Wednesday, January 19, 2011

Someplace Like Home

I have been straightening my hair a lot these days. It is something that I do in the winter when it is cold, because it saves me from walking outside with a wet head every morning. But it is also something that I do when I feel like I need some control in my life, when I need a change, however small, that is entirely within my purview.

I used to straighten my hair in college whenever I broke up with a boy. In high school, I would straighten my hair when I had a week that felt particularly low and I needed to be noticed.
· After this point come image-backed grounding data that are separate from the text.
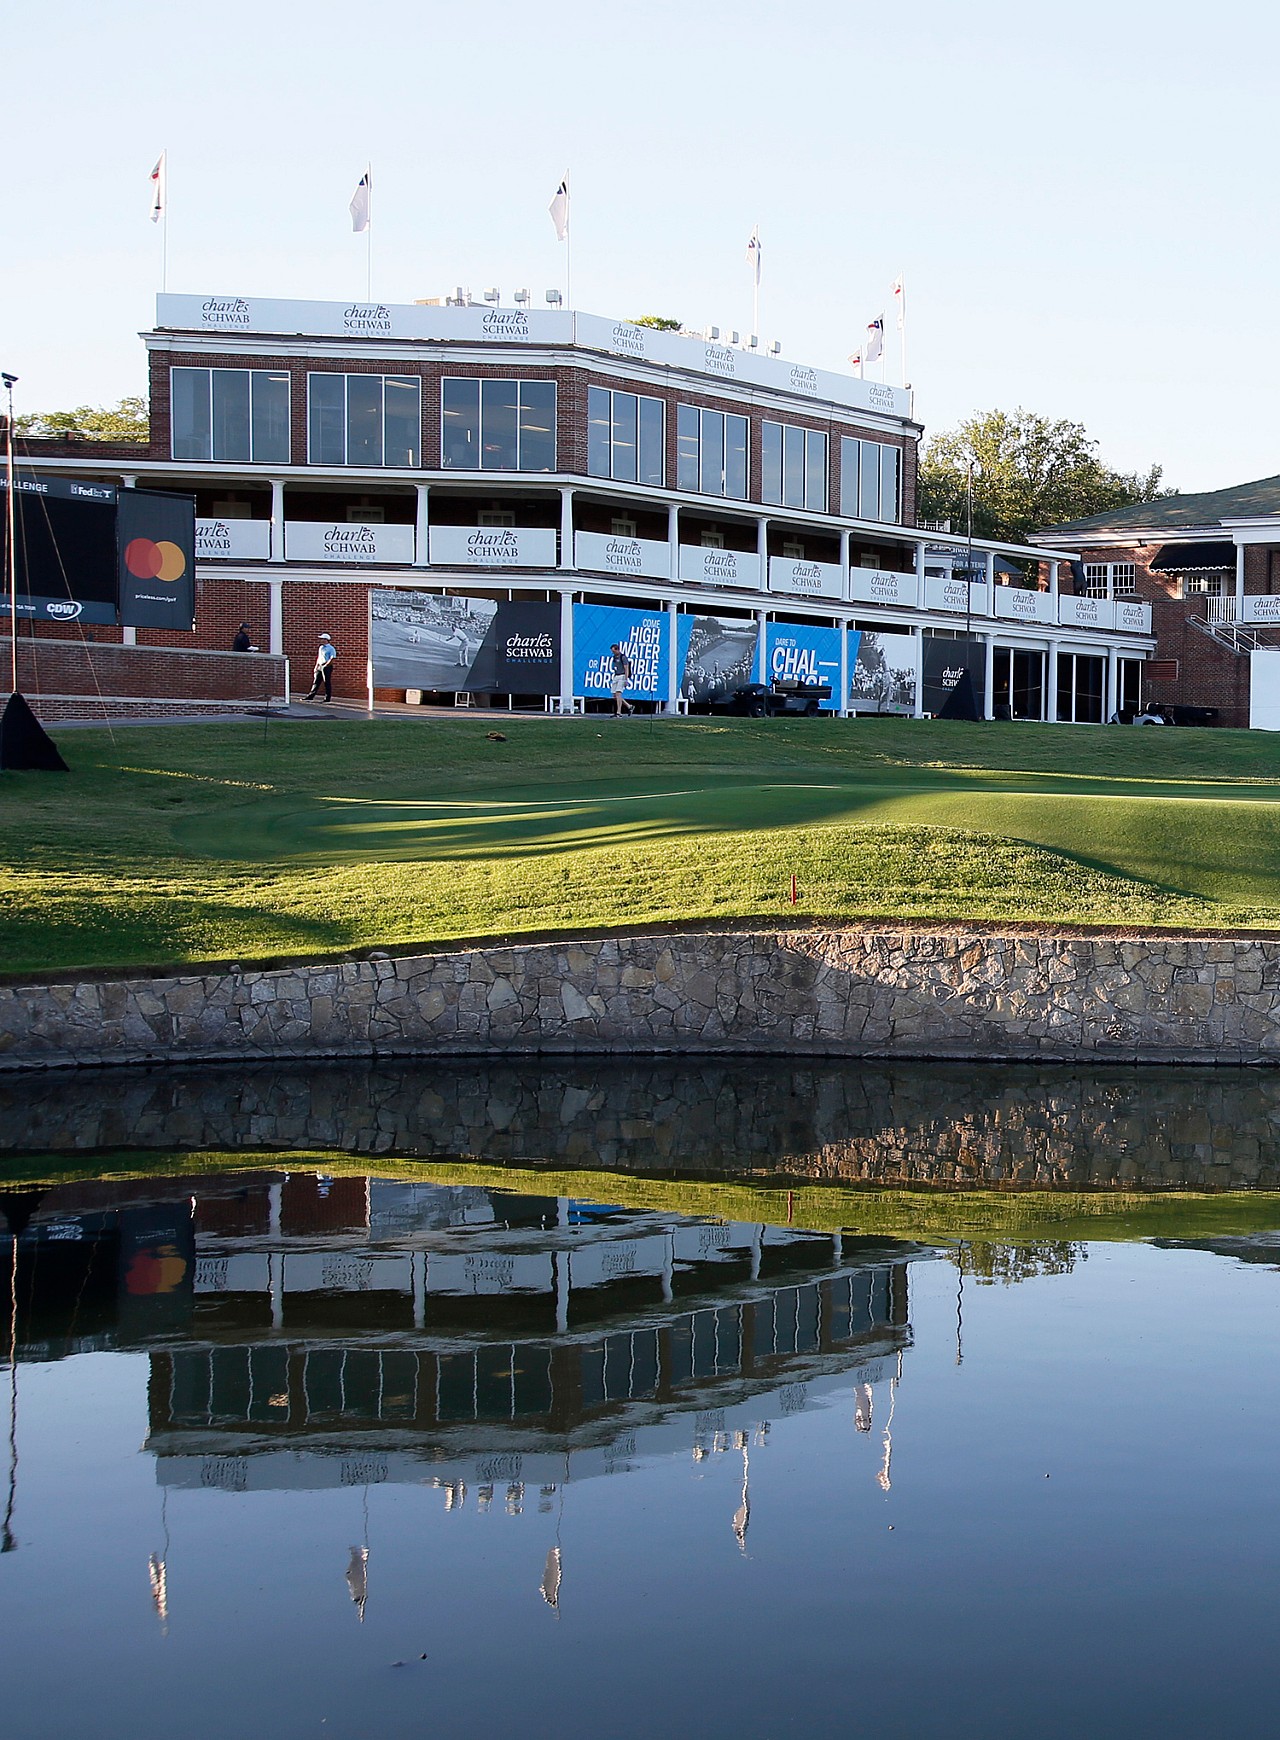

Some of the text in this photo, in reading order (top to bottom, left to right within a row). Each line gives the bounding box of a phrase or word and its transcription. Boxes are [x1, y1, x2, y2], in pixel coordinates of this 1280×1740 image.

[202, 298, 250, 312] charles
[202, 313, 250, 323] SCHWAB
[343, 305, 391, 319] charles
[482, 310, 528, 324] charles
[343, 320, 391, 330] SCHWAB
[482, 325, 529, 335] SCHWAB
[612, 324, 644, 340] charles
[612, 337, 644, 352] SCHWAB
[705, 346, 735, 362] charles
[705, 359, 735, 372] SCHWAB
[790, 378, 818, 390] SCHWAB
[869, 396, 894, 408] SCHWAB
[0, 478, 48, 492] HALLENGE
[195, 522, 230, 537] arles
[324, 526, 375, 542] charles
[195, 539, 230, 549] HWAB
[468, 530, 518, 546] charles
[324, 542, 376, 554] SCHWAB
[468, 547, 518, 557] SCHWAB
[606, 539, 642, 556] charles
[606, 555, 642, 567] SCHWAB
[704, 551, 736, 568] charles
[704, 566, 737, 578] SCHWAB
[792, 563, 822, 578] charles
[792, 578, 822, 588] SCHWAB
[870, 573, 898, 588] charles
[870, 587, 898, 597] SCHWAB
[642, 618, 660, 628] COME
[506, 633, 553, 648] charles
[630, 626, 660, 644] HIGH
[775, 638, 788, 646] DARE
[506, 648, 553, 658] SCHWAB
[620, 640, 660, 660] WATER
[588, 659, 598, 669] OR
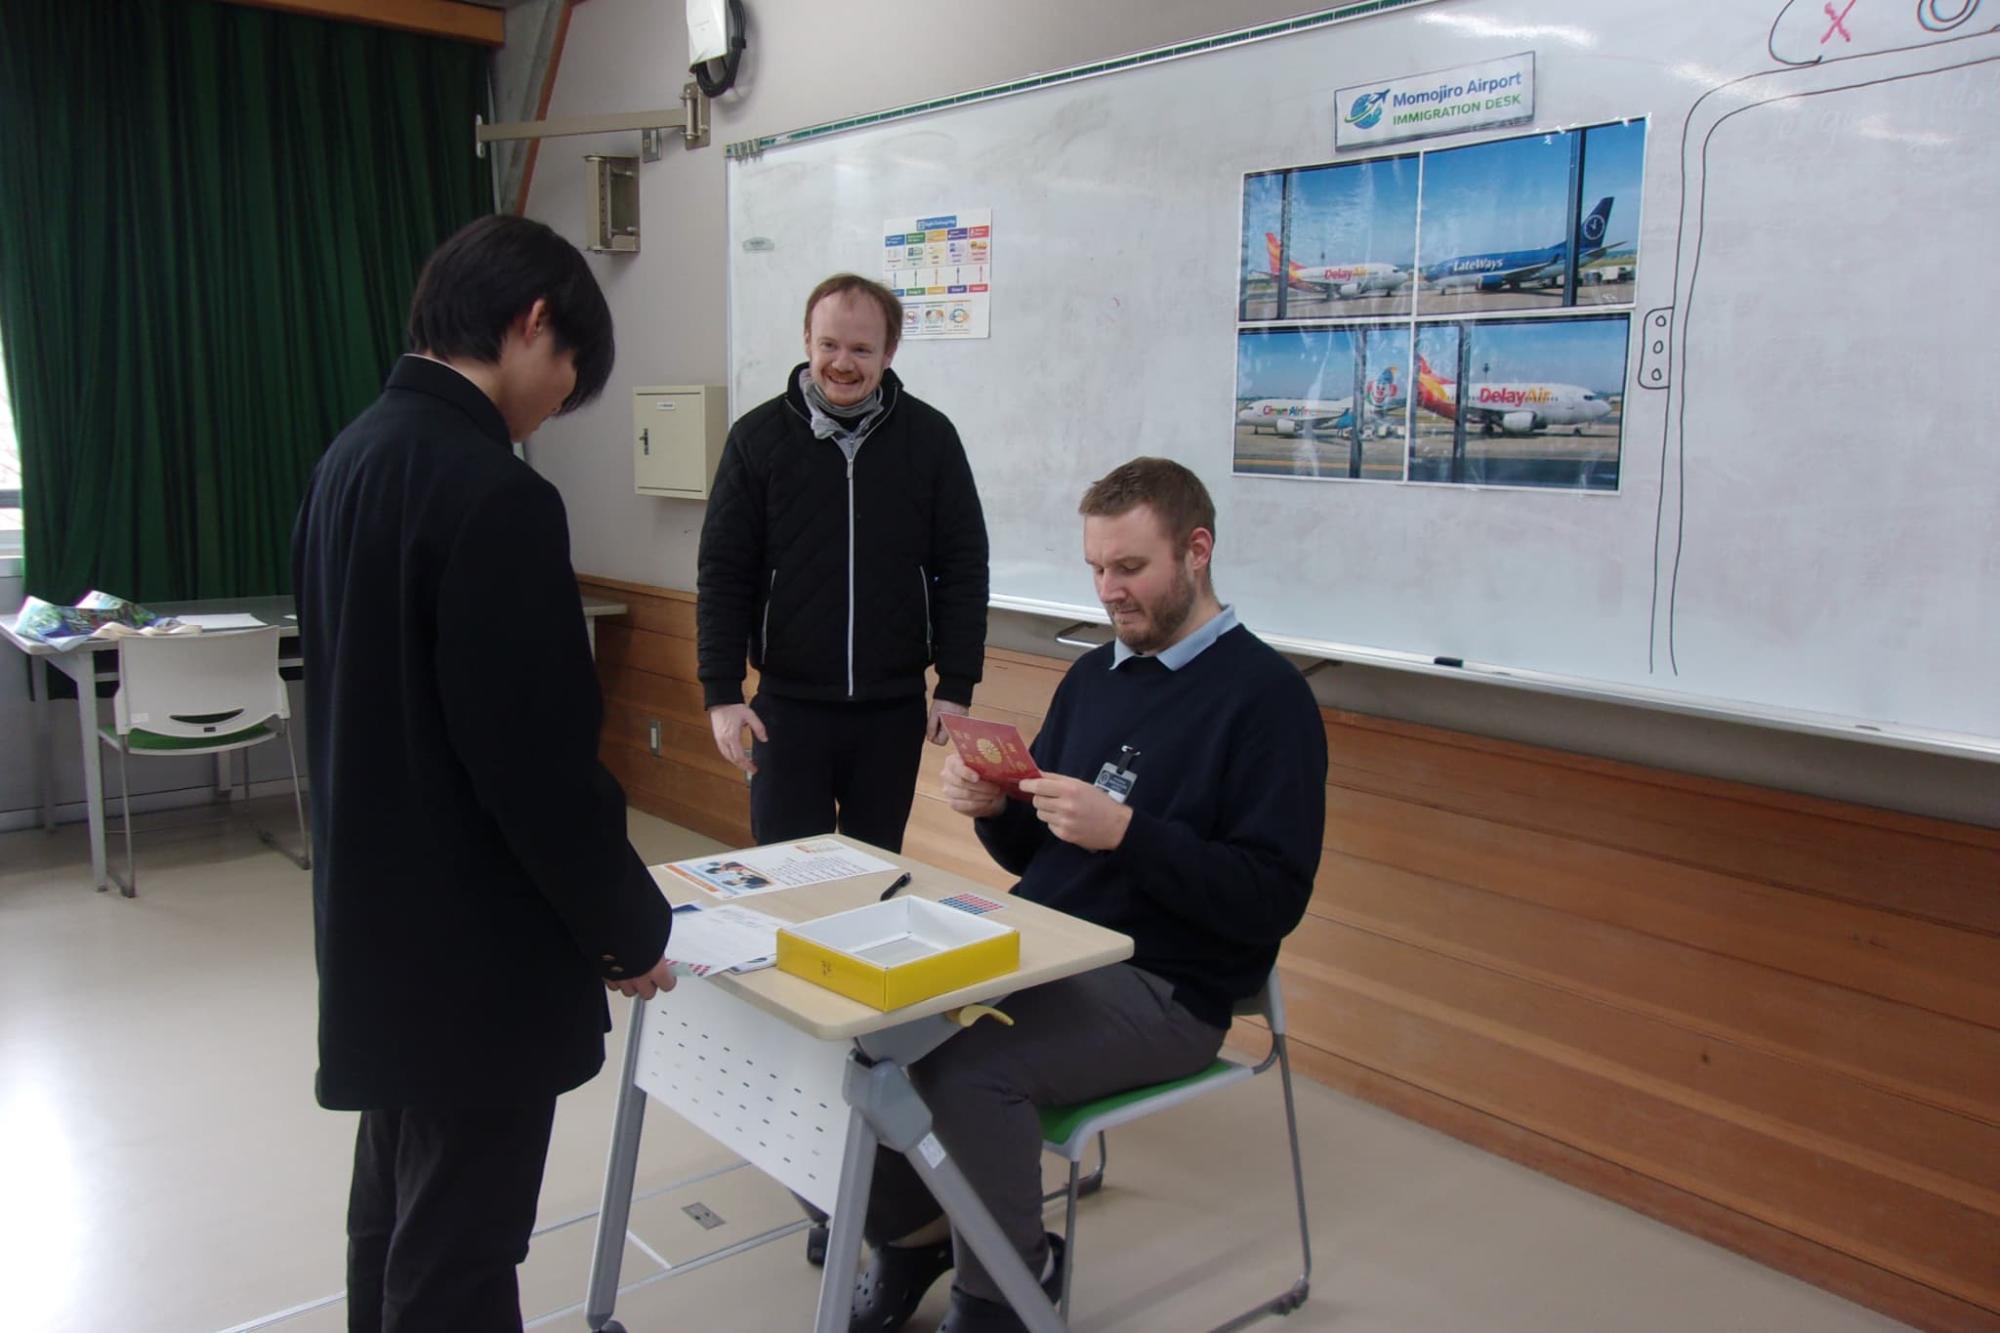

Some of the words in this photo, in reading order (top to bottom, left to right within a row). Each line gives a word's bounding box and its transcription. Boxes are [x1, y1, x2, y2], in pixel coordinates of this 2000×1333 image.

Since Matt and I got together, these are the memorable times when I have straightened my hair: when I found out that we were leaving Oklahoma to move back to DC, after we got married (almost every week for an entire semester), when I was applying for clerkships, when I finally decided to come to terms with how miserable I was in Pittsburgh, and right now.

Which is to say that my hair has always been the one thing that I knew I could rein in, even when everything else was seemingly off track.

Matt and I have spent the last three days in Hollidaysburg, PA, the place that is more or less Matt’s hometown. To know Matt is to understand that he is a man of many hometowns. But Hollidaysburg is the one place that has been consistent for him, consistent for his family since the 1820’s, if you want to put a number to it. This is the town where Matt learned to drive, went on his first date, really figured out his parents, met his first love, broke no significant rules, came to see the meaning of family, and bought his first car. In short, this is home.

So coming to Hollidaysburg was something that we knew we wanted to do during this pregnancy. It occurred to us sometime early on, sometime before we called his grandmother to tell her that she was going to be a great-grandmother. We decided to come when I was good and huge, big enough that the bump was unmistakable, not so big that I couldn’t fly. And we let Matt’s brother, sister-in-law, and parents know that we were going to be at the homestead, hoping that they would drive from their respective towns to meet us here.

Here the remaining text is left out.